The bill has support from a wide array of inmates’ rights activists, mental health advocates, civil rights groups and families of incarcerated individuals.
“Solitary is a very dehumanizing experience that leaves a person broken and unable to function,” said John Prince, a member of Direct Action for Rights and Equality with first-hand experience of solitary confinement in the ACI. “You hear nothing, see nothing, have nothing to think about almost 24 hours a day. You lose all perspective of time. Human beings are not meant to live like that for weeks or months on end. My experiences in solitary were extremely painful, and I have many friends who were left unable to relate to people, even their families, after prolonged segregation. There have to be limits that keep this from being used for long periods or on people who are likely to suffer lasting damage from it.”
“Even mentally healthy people lose their faculties in solitary confinement, but for people with mental illness, it is a particularly unhealthy situation that impairs an individual’s ability to maintain healthy relationships,” said Michael Cerullo, a psychotherapist with extensive clinical experience in the juvenile and adult criminal justice system. “Without positive relationships in the community and with oneself, meaningful rehabilitation is significantly compromised. People with mental illness suffer serious trauma that cannot be undone when they are released either back into the prison population or back into the community, and that damage has ill effects on them and the people around them. We have to stop using this counterproductive approach with human beings challenged by mental illness for their sake and for the sake of the whole community.”

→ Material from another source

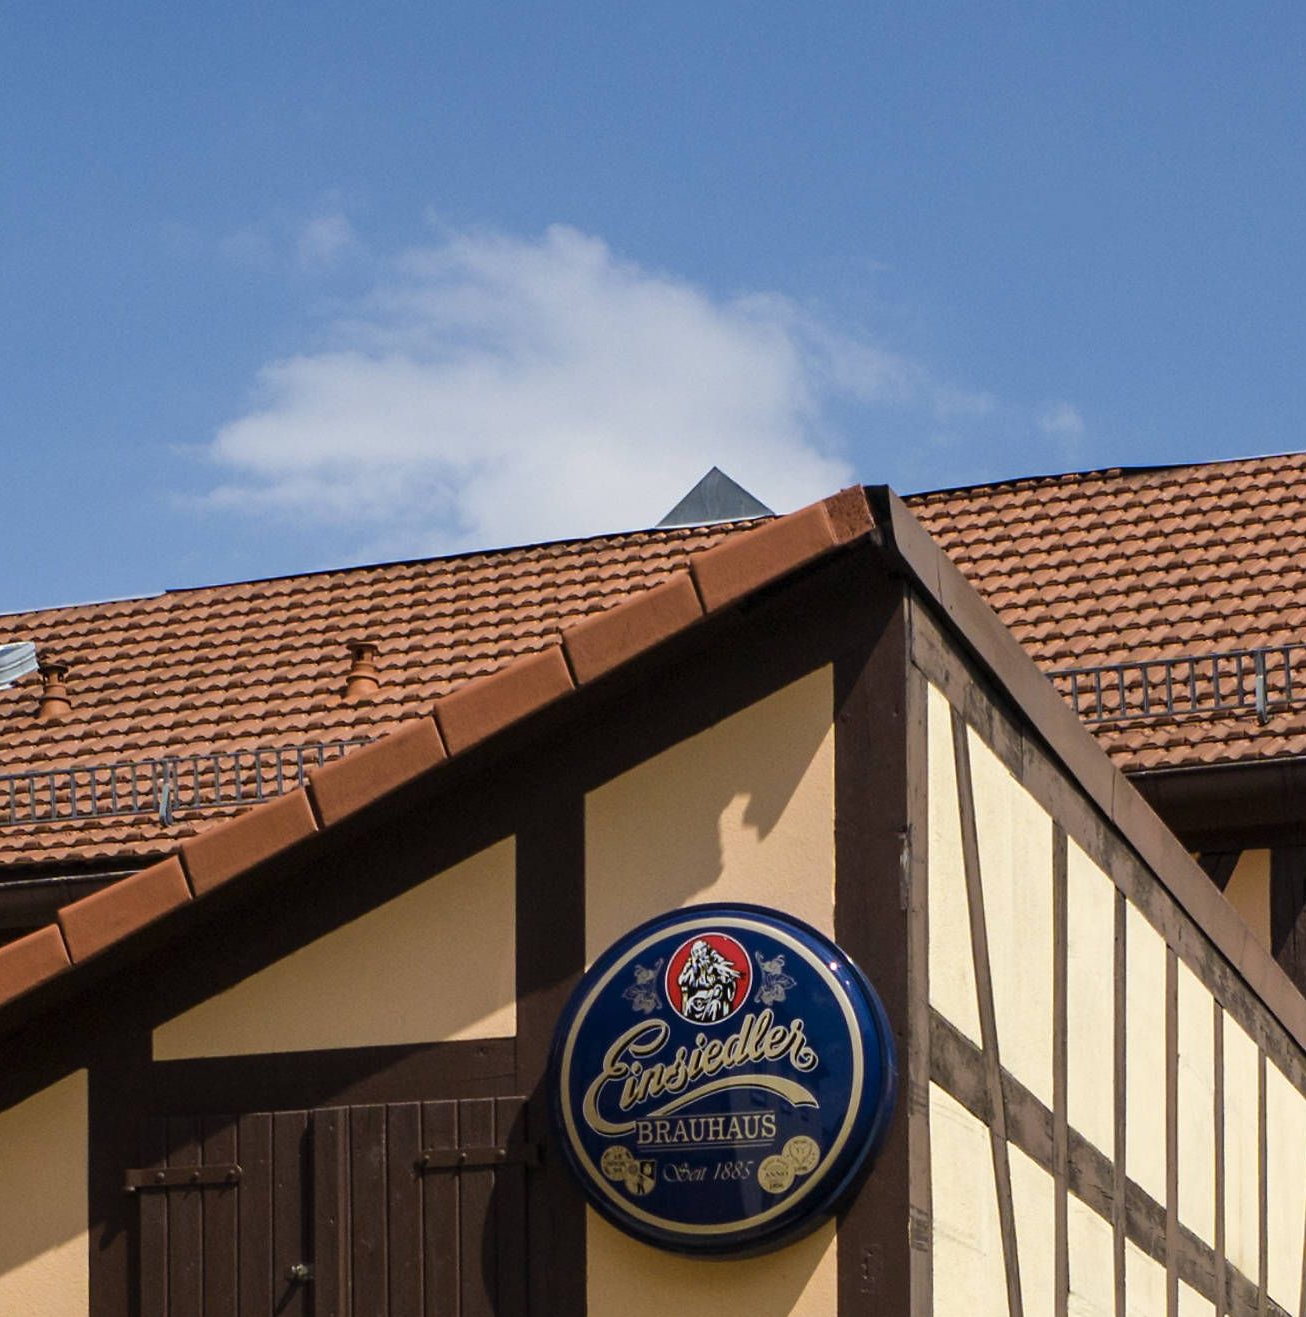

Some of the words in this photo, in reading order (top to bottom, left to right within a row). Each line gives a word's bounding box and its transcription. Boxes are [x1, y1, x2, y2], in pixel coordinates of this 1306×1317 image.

“Across the country, states are reducing their reliance on solitary confinement,” said Steven Brown, Executive Director of the Rhode Island ACLU. “Long-term isolation costs too much, does nothing to rehabilitate prisoners, and exacerbates mental illness — even in those who were healthy when they entered solitary. More than a century ago, the U.S. Supreme Court noted not only the extreme toll solitary confinement takes on those subjected to it, but that those who are affected may never recover well enough to reintegrate well into the community. Yet, the use of solitary confinement persists. States that once relied heavily on solitary confinement are now instead focusing on policies that promote safe communities and fair treatment — at the same time saving their states millions and reducing violence in the prisons. It’s time for us to do the same here in Rhode Island.”
The House bill has 38 cosponsors, including Representatives Scott A. Slater (D-Dist. 10, Providence), Jean Philippe Barros (D-Dist. 59, Pawtucket), Raymond A. Hull (D-Dist. 6, Providence, North Providence) and David A. Bennett (D-Dist. 20, Warwick, Cranston).